Moni fussed, “I can’t wear a bra though.” Love Bracelet scurried over to Moni—saggy boobs would not cost a sale, not on her watch!—and began rearranging the jersey strands of the dress. “It’s convertible, see? Flattering for all body types.” She ultimately tied what looked like a sling for a uniboob. Moni hoisted the sides of the dress in the mirror, her breasts rippling beneath the fabric like an underwater bomb had gone off, thousands of feet below.

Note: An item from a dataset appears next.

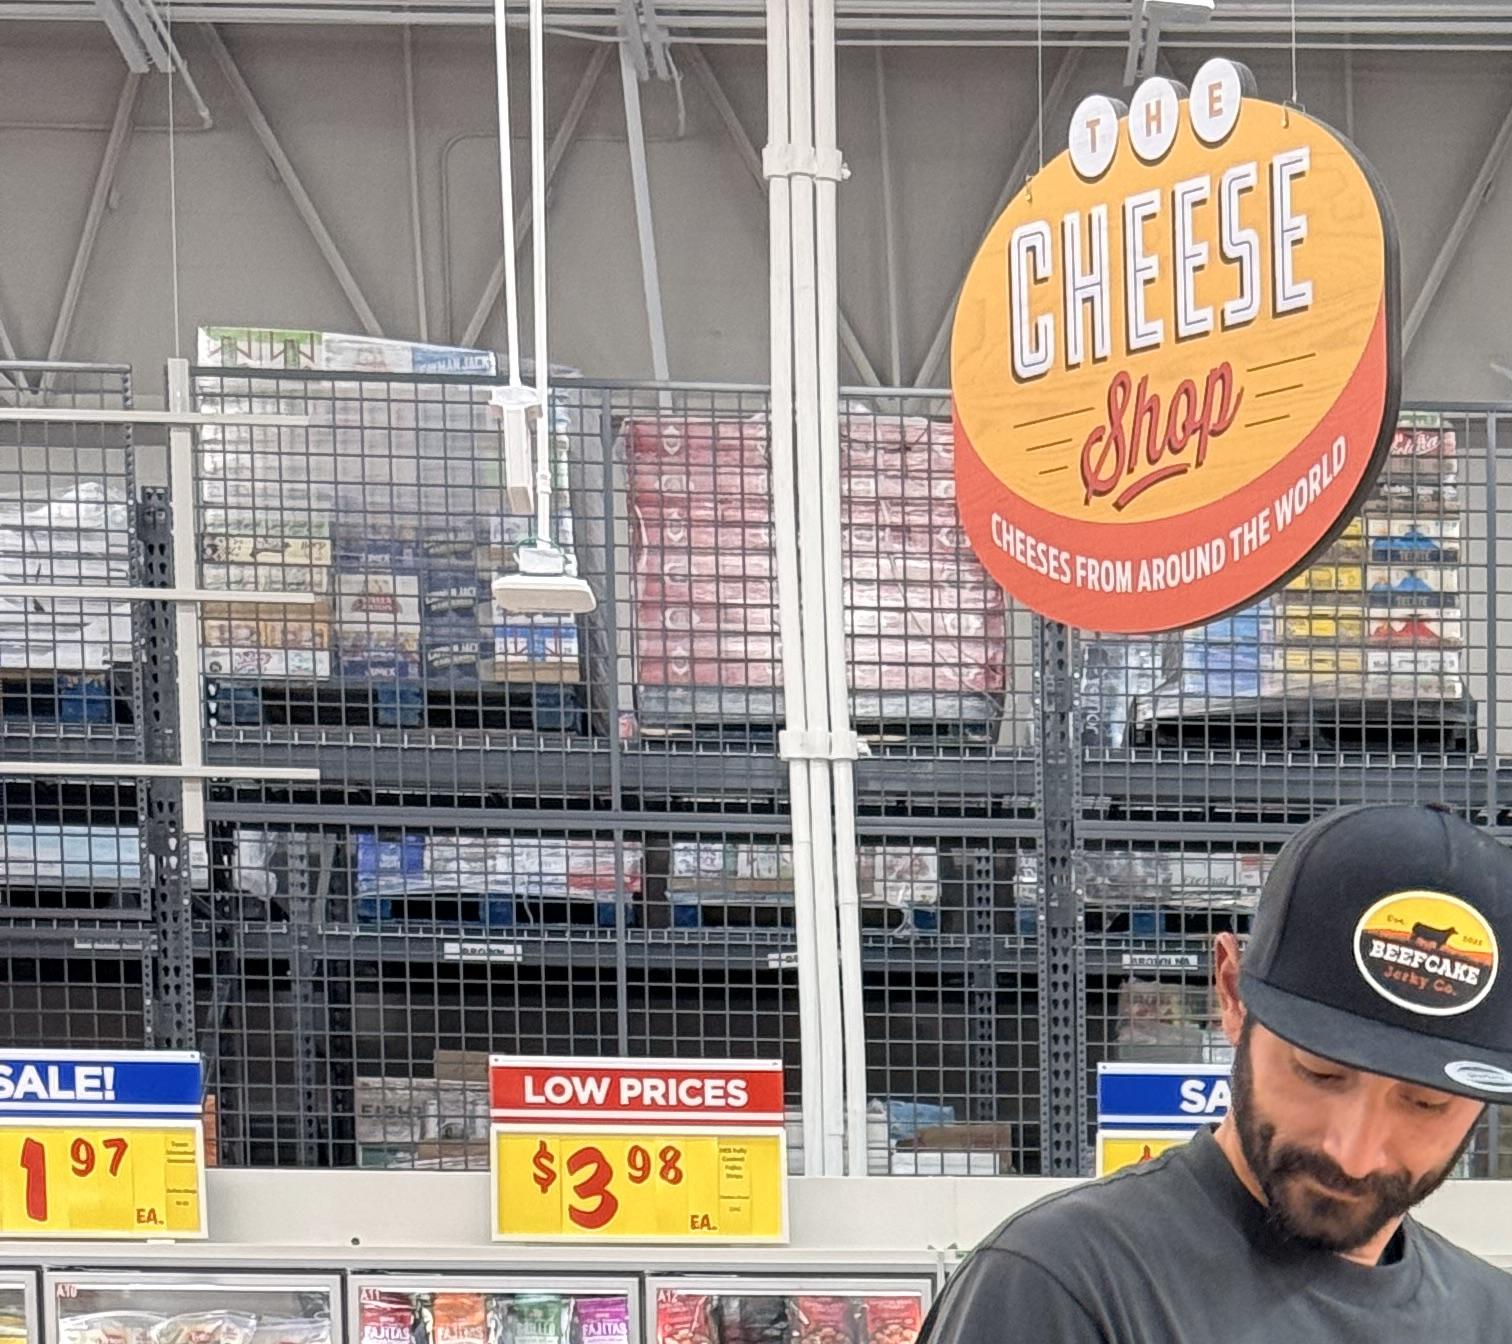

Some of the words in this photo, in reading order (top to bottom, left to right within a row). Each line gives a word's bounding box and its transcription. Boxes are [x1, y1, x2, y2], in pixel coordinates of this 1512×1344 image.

“You think the other girls will look good in this?” Moni pressed. The rest of the group couldn’t make the appointment today, graciously leaving the decision in the hands of Moni and Nell. Luke had three single groomsmen—Garret, who wore polarized Ray-Bans and put his hand on your back when he spoke to you, was one of them. No one would dare jeopardize her place in the wedding party, her shot at Garret as her escort, by being combative about the dresses.
“I love it,” Nell announced. It was all she had to say, and halfheartedly at that.